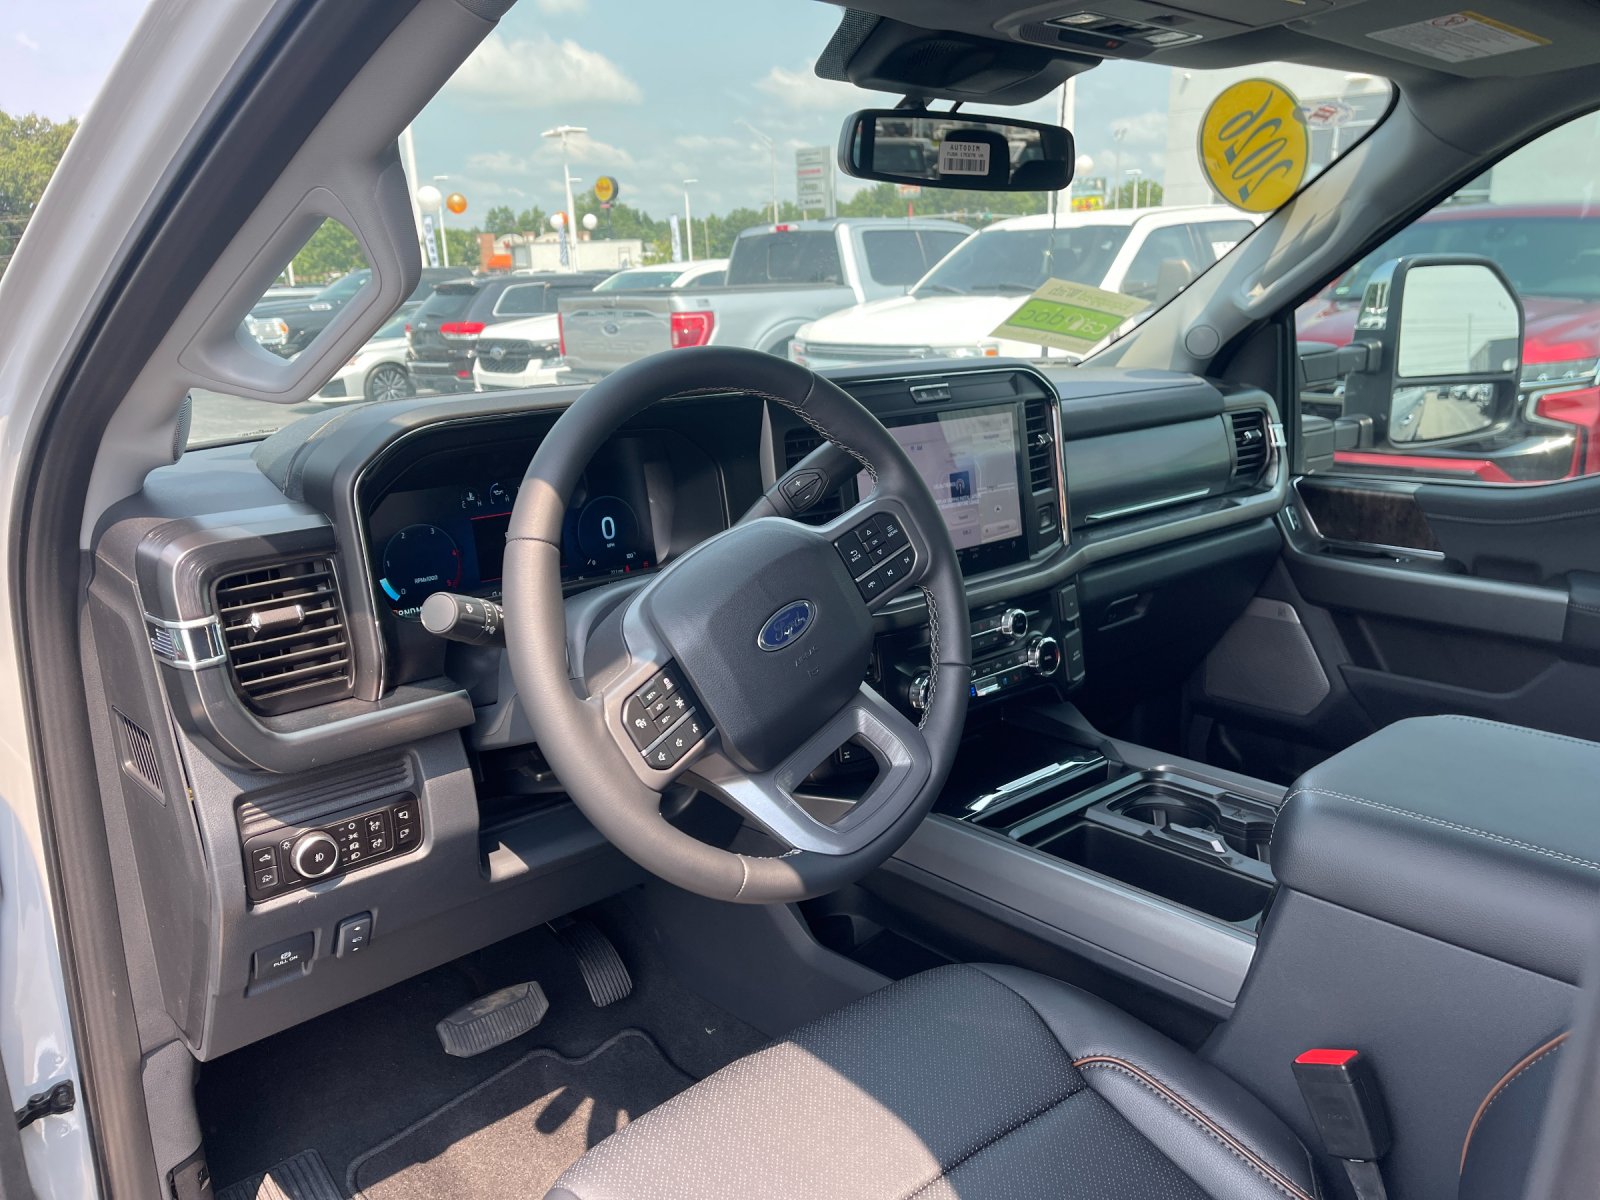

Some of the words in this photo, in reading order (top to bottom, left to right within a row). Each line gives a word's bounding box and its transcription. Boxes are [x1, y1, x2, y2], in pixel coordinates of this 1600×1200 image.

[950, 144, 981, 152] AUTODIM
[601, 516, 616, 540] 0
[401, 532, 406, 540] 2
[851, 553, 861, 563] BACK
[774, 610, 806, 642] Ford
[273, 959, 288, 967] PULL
•••
— PROBLEM DESCRIPTION —
Type the material out again exactly. Skip the pictures.

— SOLVED EXERCISE —
Some of the words in this photo, in reading order (top to bottom, left to right within a row). Each line gives a word's bounding box and its transcription. Boxes are [x1, y1, x2, y2], in pixel coordinates of this 1600×1200 image.

[950, 144, 981, 152] AUTODIM
[601, 516, 616, 540] 0
[401, 532, 406, 540] 2
[851, 553, 861, 563] BACK
[774, 610, 806, 642] Ford
[273, 959, 288, 967] PULL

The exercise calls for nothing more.